Bislang zählten schon große Unternehmen wie Viacom, Time Warner und die Agenturgruppe WPP zu den Abnehmern des New Yorker Technologieanbieters. Google ist derzeit eines von vielen Unternehmen, die versuchen, TV-Werbung wieder neues Gewicht zu verleihen, indem Daten von Set-Top-Boxen etc. eingesetzt und ausgewertet werden.

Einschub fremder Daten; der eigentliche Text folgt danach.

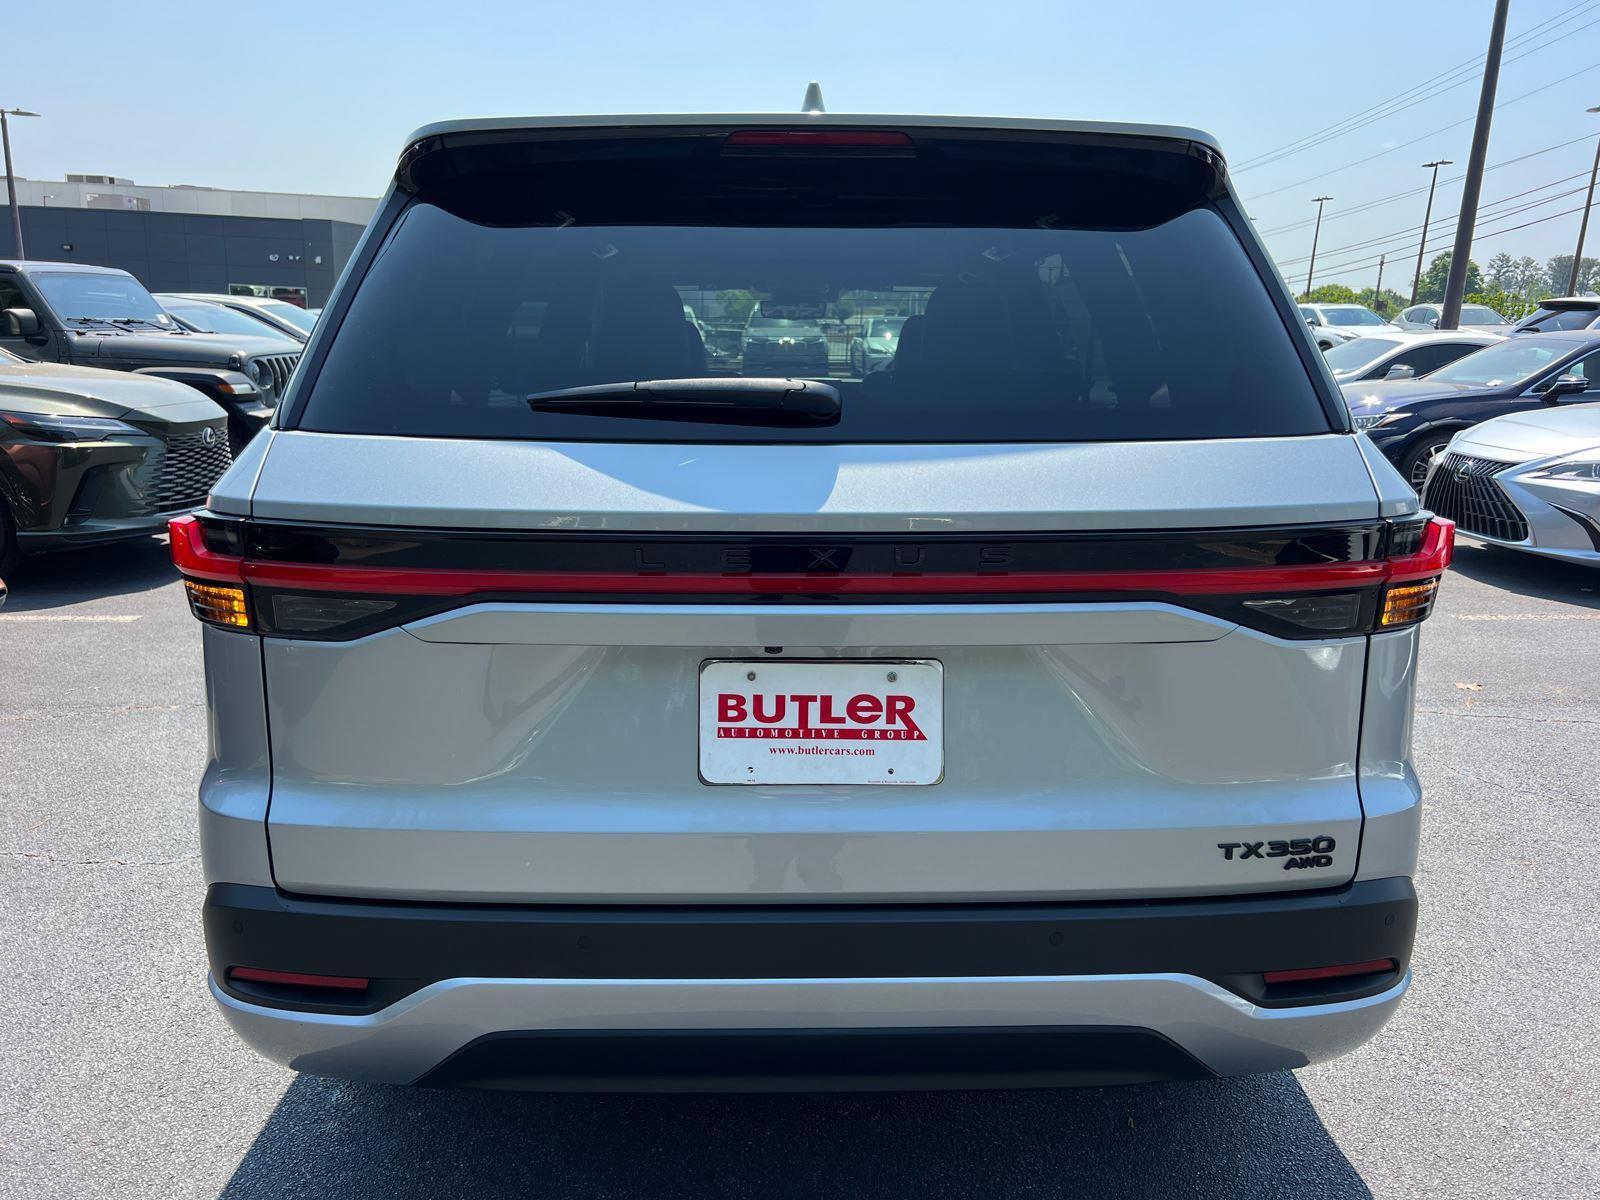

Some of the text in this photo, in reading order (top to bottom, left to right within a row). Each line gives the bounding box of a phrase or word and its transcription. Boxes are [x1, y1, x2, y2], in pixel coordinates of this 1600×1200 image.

Gefahr für die Privatsphäre
Vor allem in Zeiten der Rezession wollen die Werbetreibenden mit ihren TV-Spots bessere Ergebnisse erzielen und die Kabelbetreiber suchen gleichzeitig nach neuen Einnahmequellen. Allerdings - so hoch die Erwartungen an zielgerichtete Fernsehwerbung auch sind - bisher wurde die Werbeform von Analysten und Branchenkennern eher mäßig bewertet. Eines der größten Probleme sei die Messbarkeit. Außerdem gibt es immer wieder Kritik und Bedenken seitens Datenschützer, die in Targeted Ads eine Gefahr für die Privatsphäre der Nutzer sehen. Die Unternehmen ihrerseits betonen naturgemäß, die Daten vollkommen anonym einzusetzen. (pte)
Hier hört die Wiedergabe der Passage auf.